Poor economy forces Georgia to rethink drug criminalization
The high price of enforcing criminal penalties on non-violent offenders has Georgia’s new Republican governor rethinking a major linchpin in US domestic policy: the drug war.
“Presently, one out of every 13 Georgia residents is under some form of correctional control,” Gov. Nathan Deal, a Republican, told state lawmakers during his inaugural address. “It cost about $3 million per day to operate our Department of Corrections. And yet, every day criminals continue to inflict violence on our citizens and an alarming number of perpetrators are juveniles.”
His preferred course of action, according to The Atlanta Journal Constitution, was to reemphasize focus on violent crimes and “provide the opportunity” for treatment and therapy to citizens suffering from drug addiction.
“As a State, we cannot afford to have so many of our citizens waste their lives because of addictions,” he said. “It is draining our State Treasury and depleting our workforce.”
He made the comments on Monday afternoon, after being sworn in as the state’s governor. Deal did not offer any specific policy proposals in the speech, opting to use his time to help frame the legislature’s agenda for the coming session.

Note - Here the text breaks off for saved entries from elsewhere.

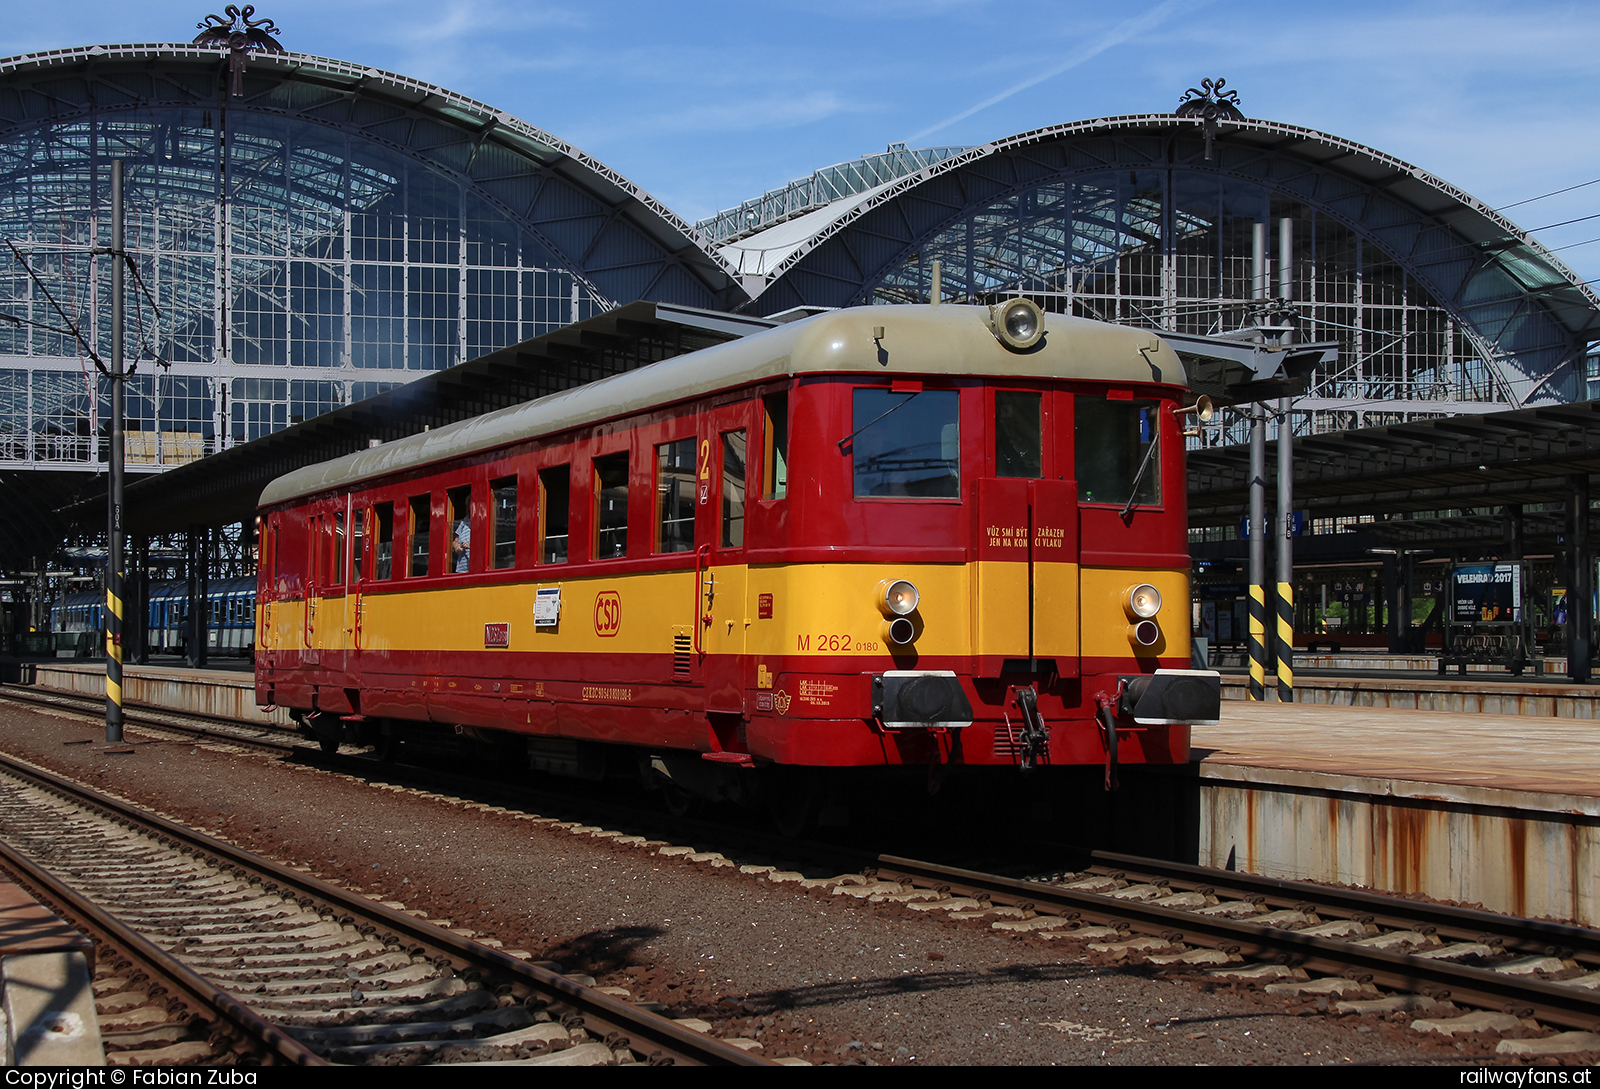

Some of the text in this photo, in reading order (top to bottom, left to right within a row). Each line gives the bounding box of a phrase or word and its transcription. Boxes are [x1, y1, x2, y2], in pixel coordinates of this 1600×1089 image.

[700, 439, 710, 480] 2
[366, 507, 371, 535] 2
[986, 525, 1065, 538] VŮZ SMÍ BÝT ZAŘAZEN
[989, 538, 1001, 547] JEN
[1003, 538, 1012, 547] NA
[1042, 538, 1062, 548] VLAKU
[1494, 572, 1512, 583] 2017
[596, 597, 620, 631] ČSD
[797, 634, 879, 652] M 262 0180

“Let us refocus state government on its core responsibilities and relieve our taxpayers of the burden of unnecessary programs,” he said. “Let us be frugal and wise. Let us restore the confidence of our citizens in a government that is limited and efficient. Together let us make Georgia the brightest star in the constellation of these United States.”

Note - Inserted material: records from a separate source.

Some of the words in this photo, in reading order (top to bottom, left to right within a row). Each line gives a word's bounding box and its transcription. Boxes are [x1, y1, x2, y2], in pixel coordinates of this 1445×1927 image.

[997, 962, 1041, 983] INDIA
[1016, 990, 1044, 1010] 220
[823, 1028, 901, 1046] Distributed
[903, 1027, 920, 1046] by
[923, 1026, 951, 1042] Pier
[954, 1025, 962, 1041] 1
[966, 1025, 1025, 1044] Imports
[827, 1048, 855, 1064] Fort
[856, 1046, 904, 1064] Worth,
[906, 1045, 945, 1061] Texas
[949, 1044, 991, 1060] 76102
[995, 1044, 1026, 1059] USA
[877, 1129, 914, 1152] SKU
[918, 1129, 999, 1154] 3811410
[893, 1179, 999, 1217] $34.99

Gov. Deal also advocated for a strengthening of mass transportation initiatives and a reinvestment in the state’s college scholarship program.
Roughly 19 percent of Georgia’s prison population was incarcerated on drug offenses in 2009, according to a report (PDF) by the Office on National Drug Control Policy (ONDCP).

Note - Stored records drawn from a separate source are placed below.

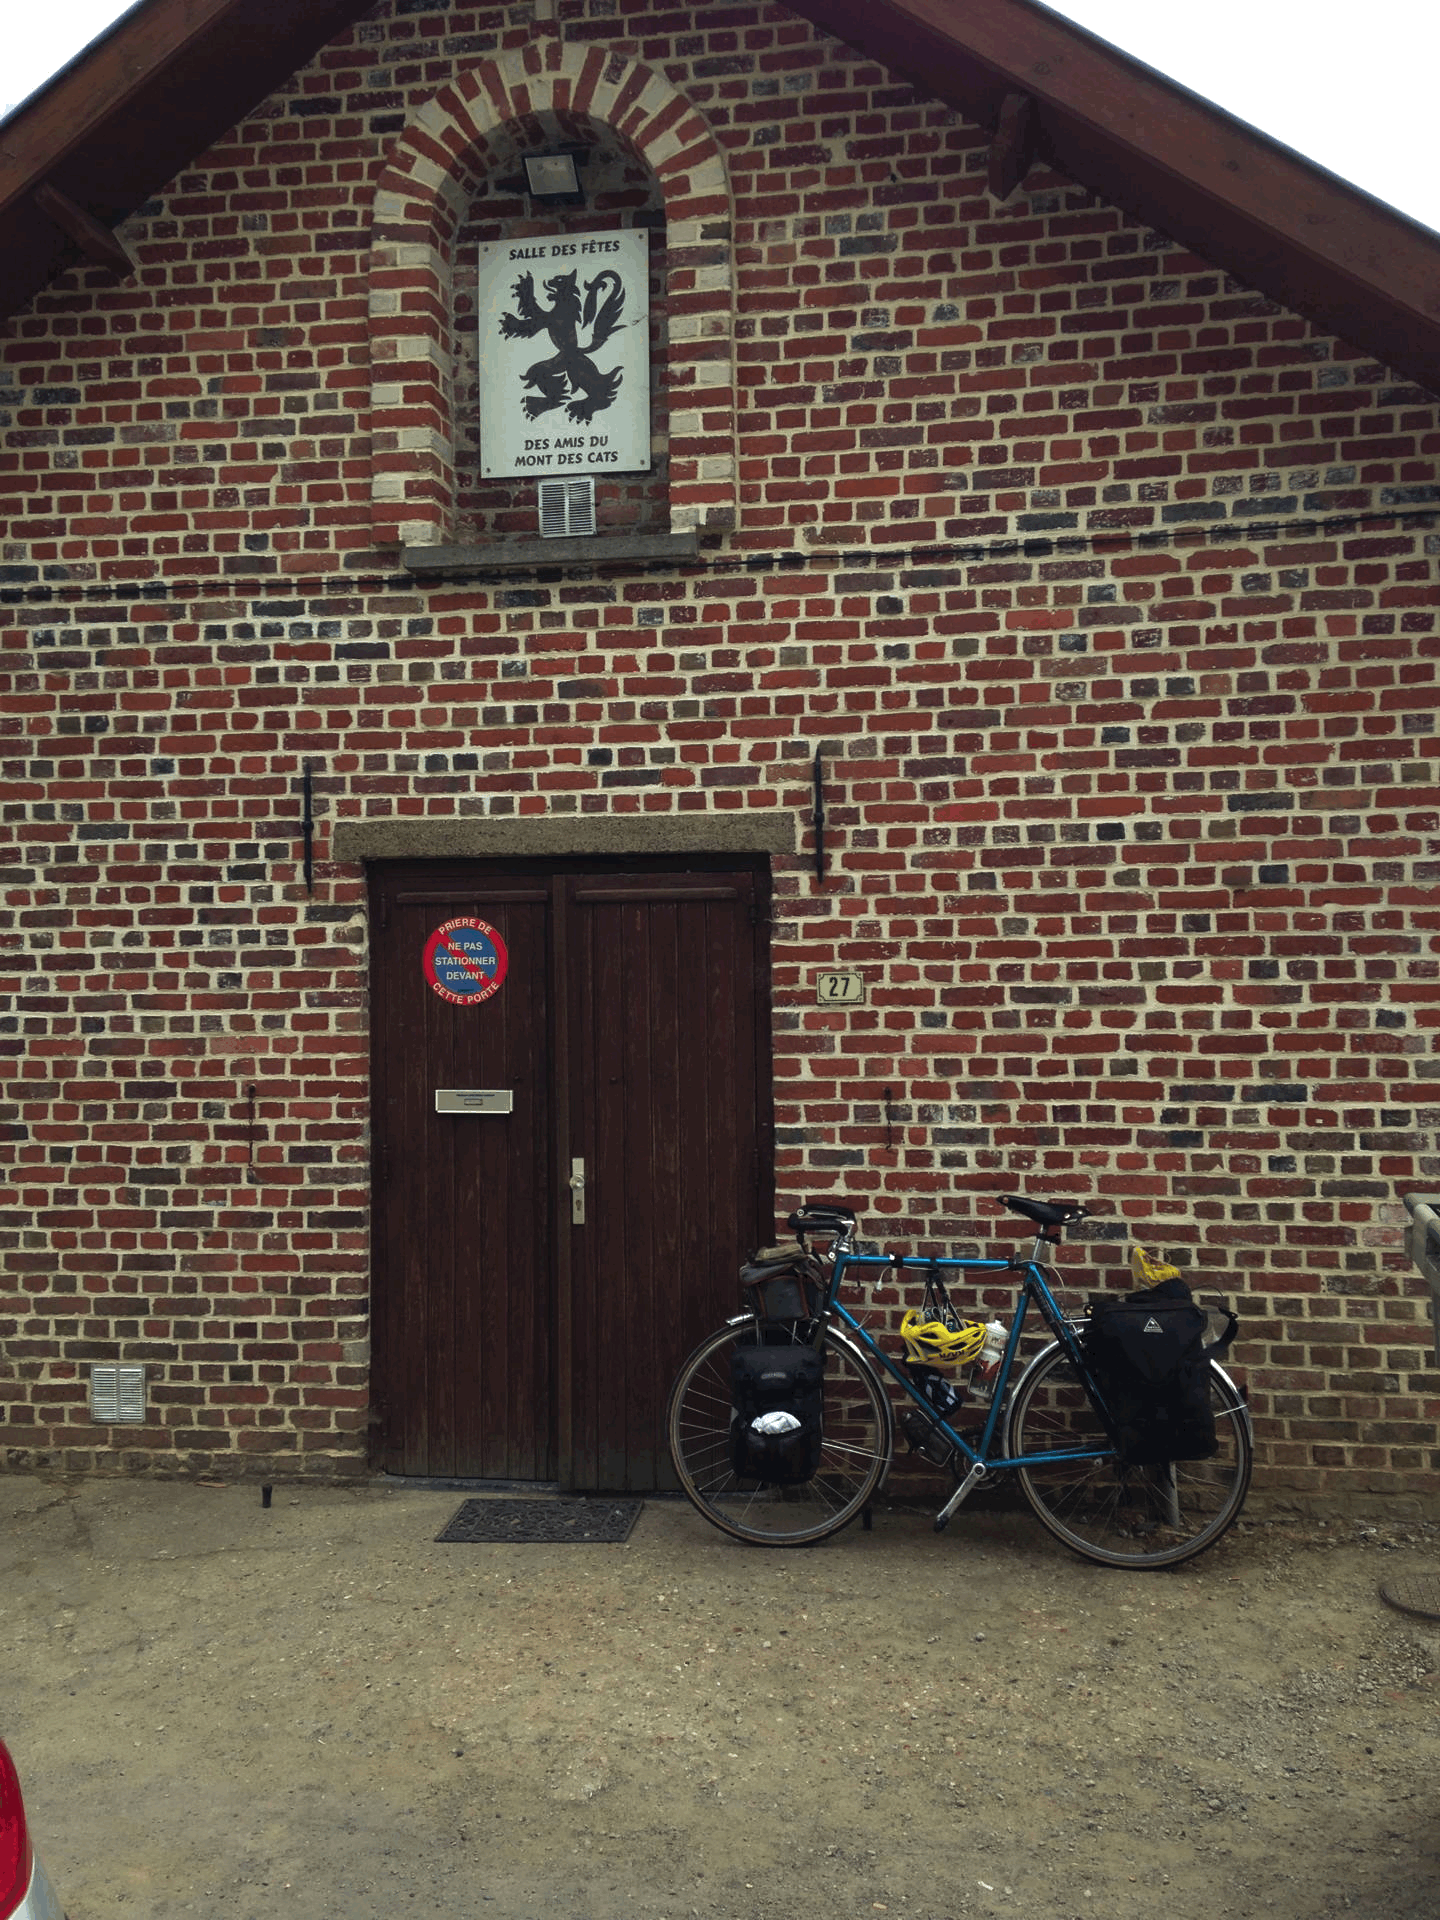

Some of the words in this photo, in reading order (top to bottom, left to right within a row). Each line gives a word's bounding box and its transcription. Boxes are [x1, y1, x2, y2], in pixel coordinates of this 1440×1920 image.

[509, 246, 546, 260] SALLE
[551, 244, 577, 257] DES
[581, 239, 620, 254] FÊTES
[524, 439, 550, 450] DES
[554, 437, 585, 448] AMIS
[590, 436, 609, 447] DU
[515, 455, 553, 467] MONT
[557, 453, 583, 464] DES
[587, 451, 618, 463] CATS
[438, 918, 476, 935] PRIERE
[477, 921, 492, 935] DE
[448, 942, 461, 950] NE
[464, 942, 483, 950] PAS
[435, 957, 495, 965] STATIONNER
[446, 972, 484, 980] DEVANT
[433, 982, 463, 1004] CETTE
[467, 981, 500, 1004] PORTE
[829, 977, 849, 996] 27

Nationally, nearly half of all arrests are due to laws criminalizing the cultivation, sales and use of cannabis, which has been shown to be less damaging to human health than alcohol or tobacco. Over 872,000 Americans were arrested for the drug in 2007, according to the Federal Bureau of Investigations. Nearly three fourths of those arrested were under the age of 30.
President Barack Obama, who at one time said he was in favor of decriminalizing cannabis, has come out against outright legalization. While his drug czar has called for an overhaul of the government’s war against American drug users to focus more on addiction mitigation and treatment, the administration’s 2010 budget outlay instead placed a greater emphasis on law enforcement and incarceration.
The budget places America’s drug war spending at $15.5 billion for fiscal year 2011; an increase of 3.5 percent over 2010. That figure reflects a 5.2 percent increase in overall enforcement funding, growing from $9.7 billion in 2010 to $9.9 billion in 2011. Addiction treatment and preventative measures, however, were budgeted at $5.6 billion for 2011, an increase from $5.2 billion in 2010.
An ONDCP press release described the figures as “balanced.”
The nation’s drug war budget was criticized by reform groups, including an association of former law enforcement officials, which said the administration was merely “talking about” changing the drug war, rather than taking tangible action.
The ONDCP said that prescription drugs were the fastest growing category of abused intoxicants in 2009.
The state government of Georgia faced a $16.1 billion budget deficit in April 2010, with local municipalities staring down the barrel of an additional $40.7 billion.